Next are some of my favorites, culled from a wide list of fine books written for the general public that point to the excitement of the microbial world. My choices, I hasten to add, are totally idiosyncratic.
- March of the Microbes by John Ingraham leads us on an elegant tour through the microbial world, especially its aspects that that most readily concern humans (which is most of it). His subtitle "Sighting the Unseen" accurately portrays the scope of the book. It works.
- Eugenia Bone’s Microbia starts out by sharing her experience about how a successful middle age writer on foods and mushrooms wanted to learn about microbes, especially those that dwell within larger organisms. She found out that she needed to go back and take a microbiology college course, which led to her writing this lovely book on how to see the world from the microbial point of view.
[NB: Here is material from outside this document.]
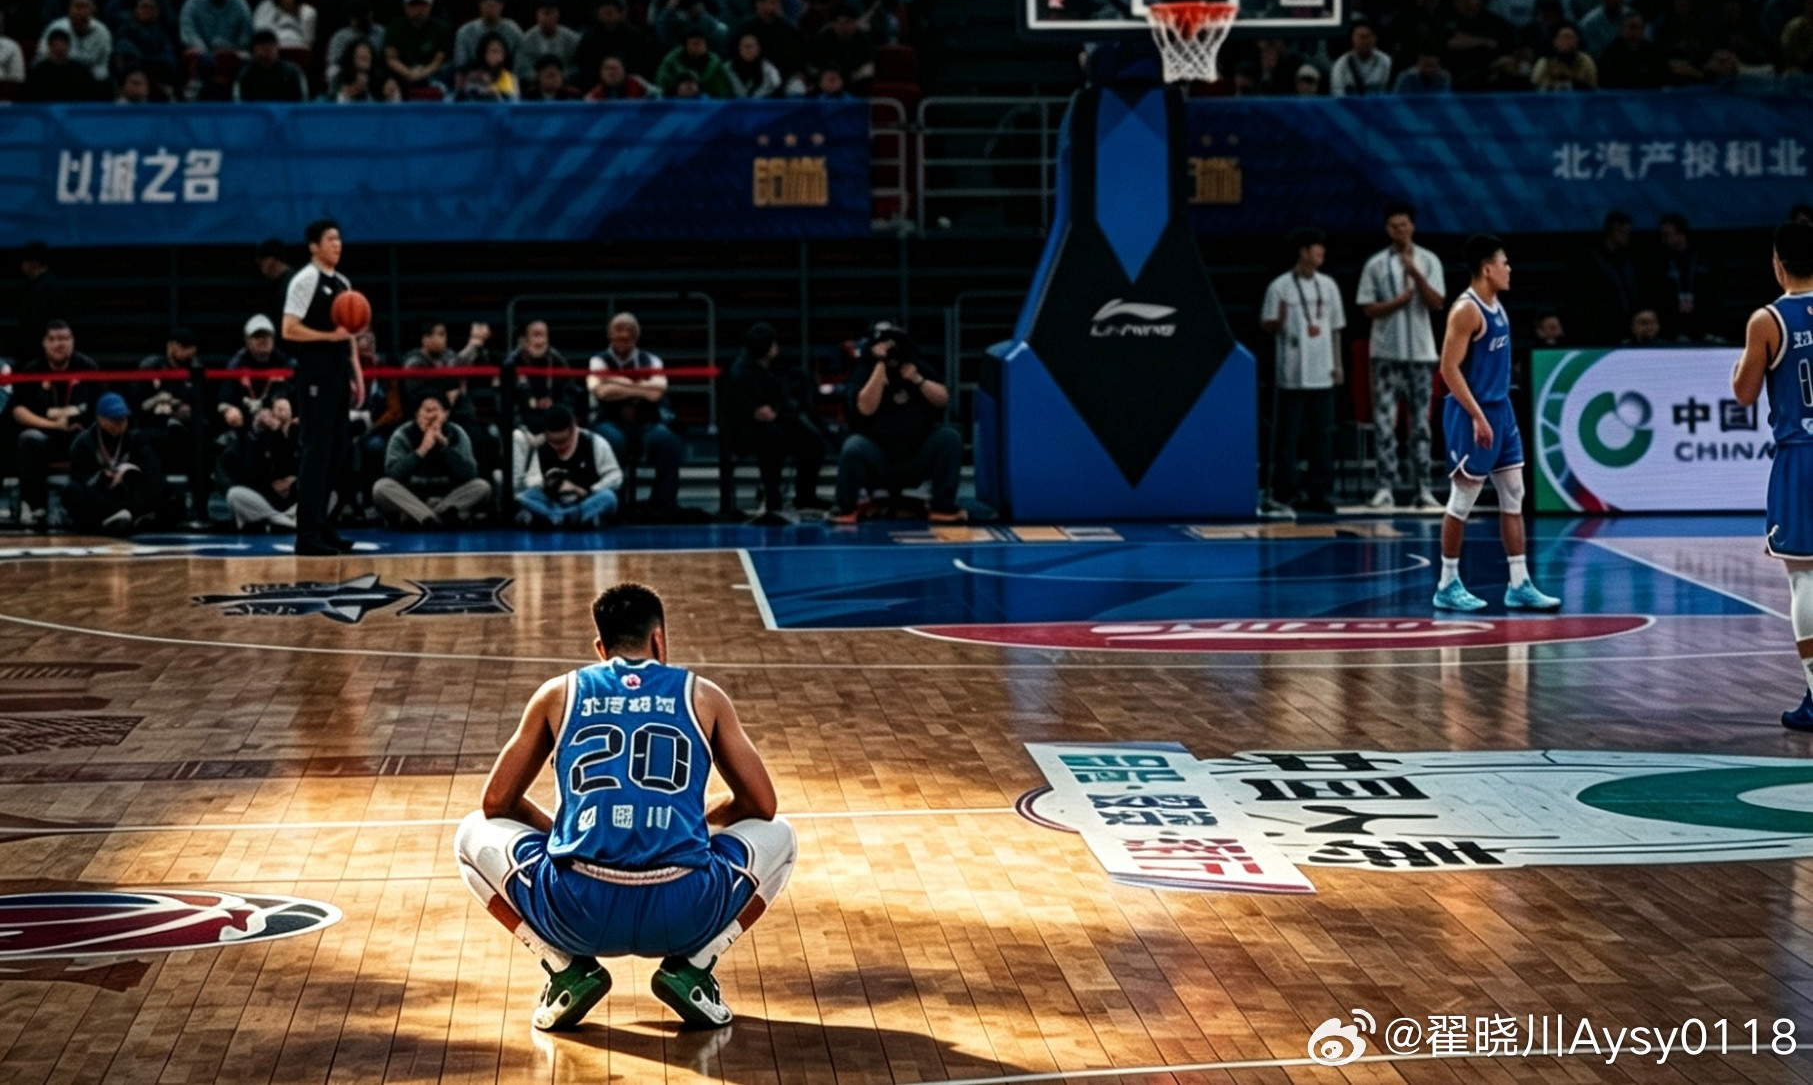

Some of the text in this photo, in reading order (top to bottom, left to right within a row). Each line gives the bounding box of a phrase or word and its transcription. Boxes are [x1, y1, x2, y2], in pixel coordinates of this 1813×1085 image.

[56, 146, 223, 205] 以城之名
[569, 722, 692, 795] 20
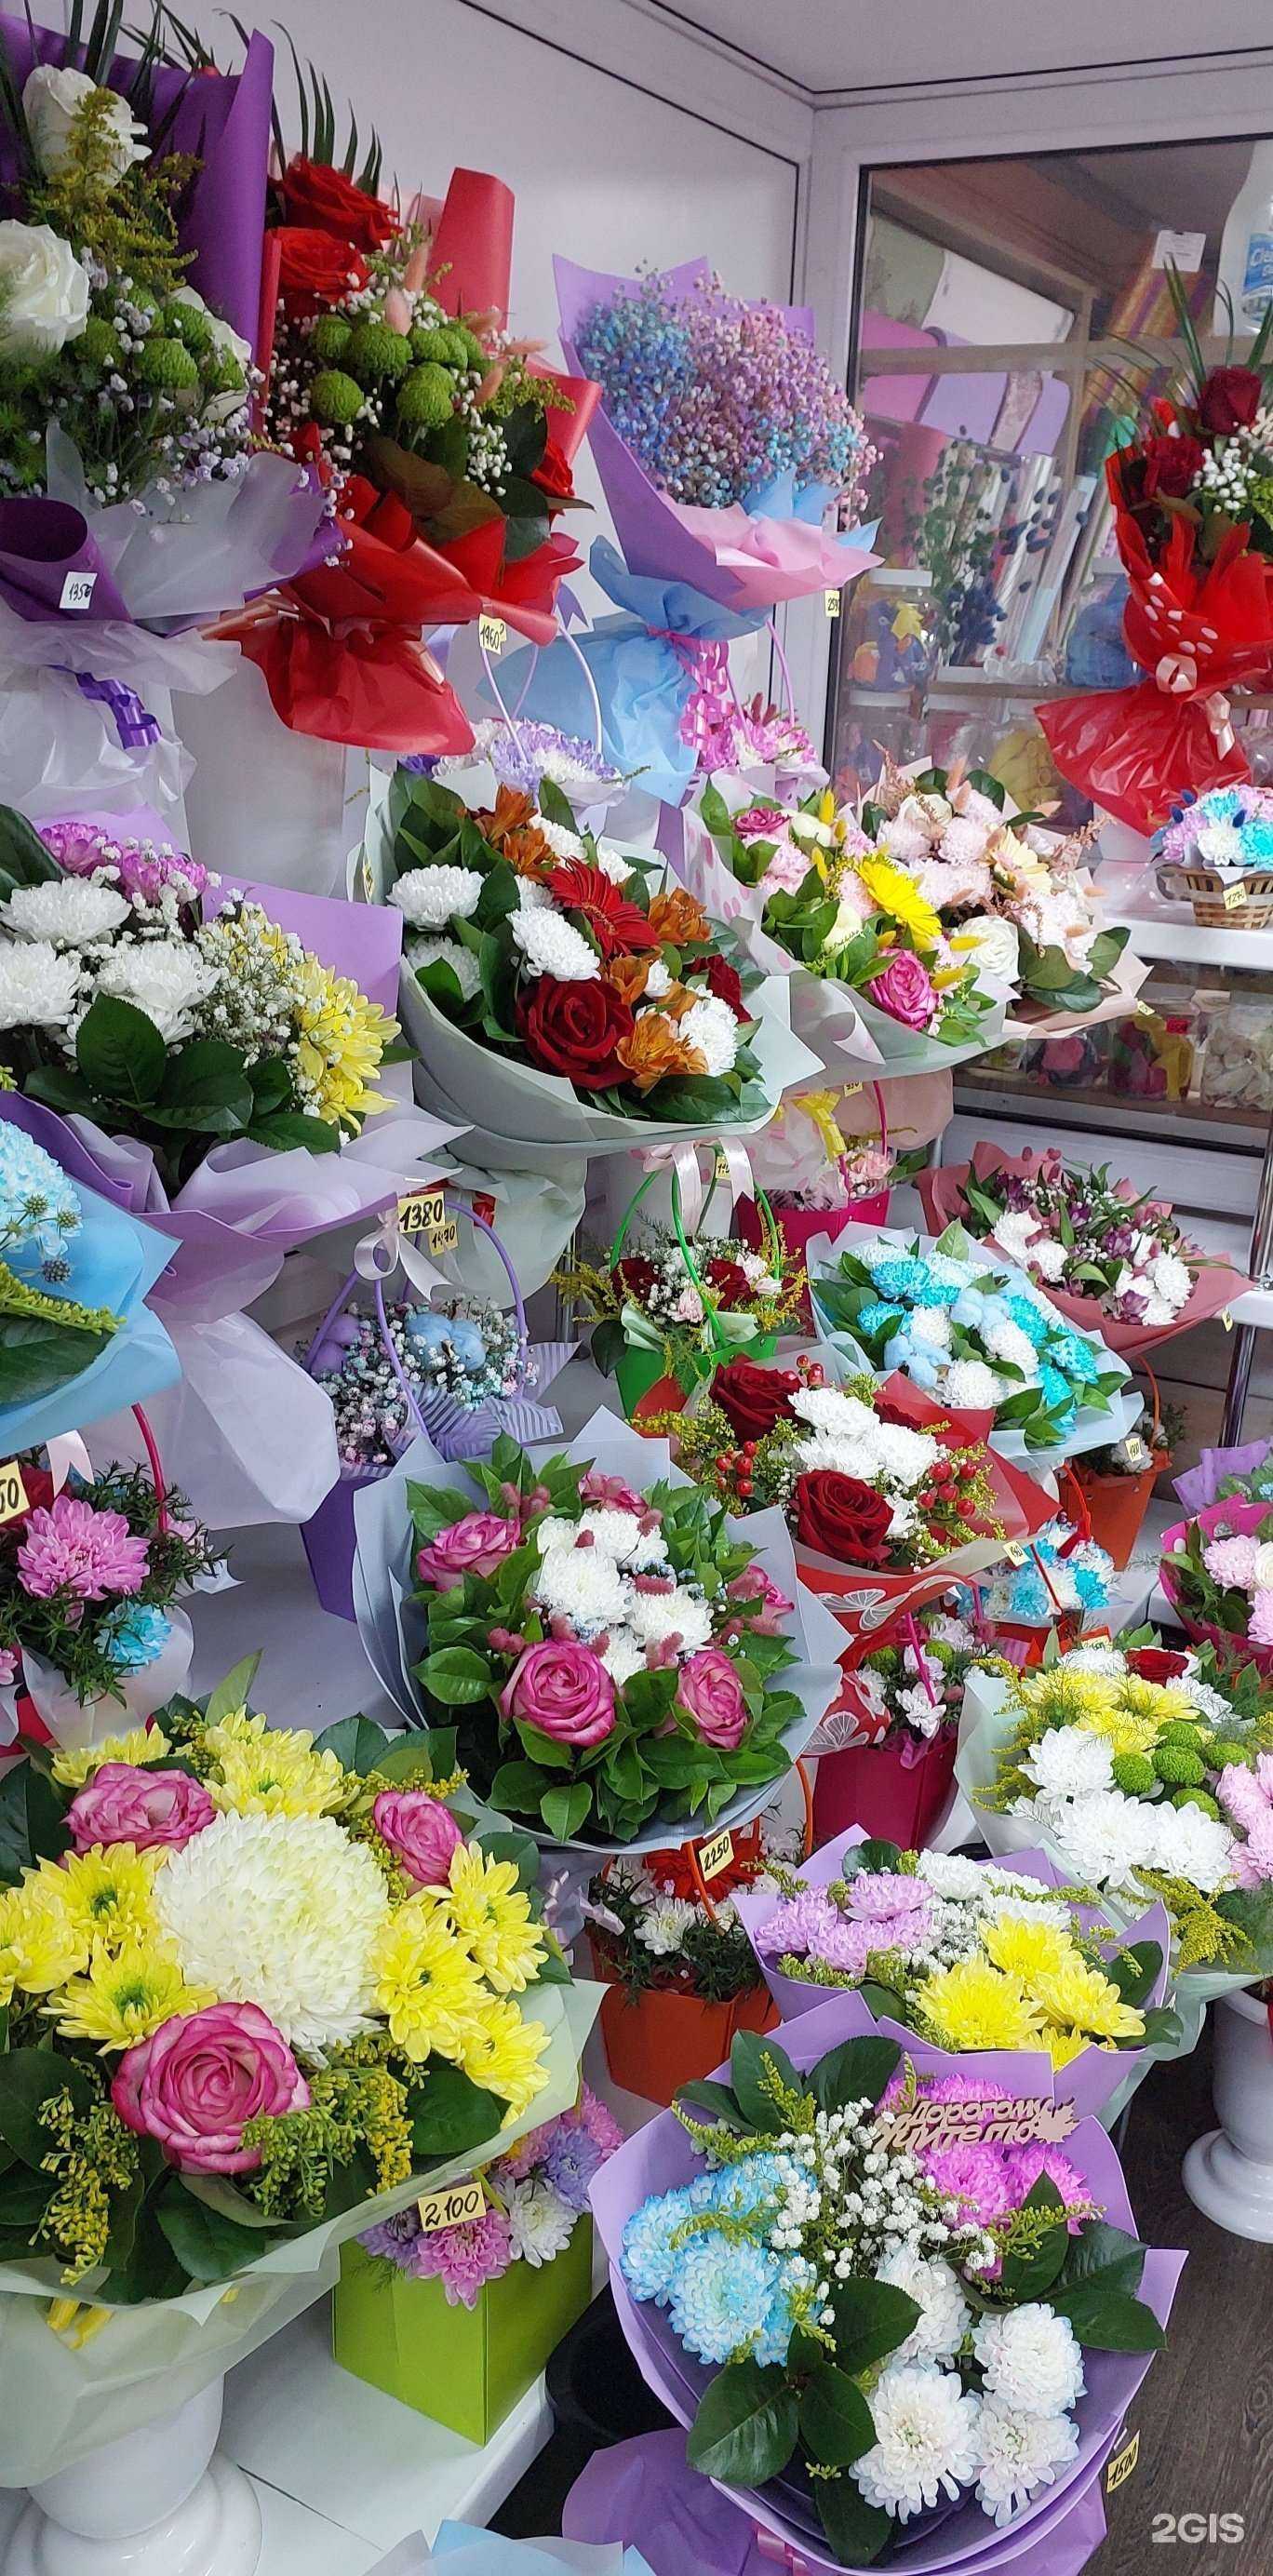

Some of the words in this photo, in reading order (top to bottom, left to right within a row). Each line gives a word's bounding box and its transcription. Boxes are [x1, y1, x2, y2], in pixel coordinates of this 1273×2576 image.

My last two choices are by friends and longstanding collaborators, especially in this blog. But I will maintain my composure.
- Merry Youle’s Thinking Like A Phage is a most lively account of the vicissitudes of being the viruses that infect bacteria. But succeed they do, and they have become the most abundant biological entity on the planet. The text is illustrated with some phenomenal drawings. If you wish to become phage savvy (and everyone should!), this is the book for you.
- Life at the Edge of Sight by Scott Chimileski and Roberto Kolter is, by their account, "A Photographic Exploration of the Microbial World," and enormously successful it is. They blazed new trails, both in the content and in the illustrations, most of which are lusciously original. A tasty outlier, among books on microbes.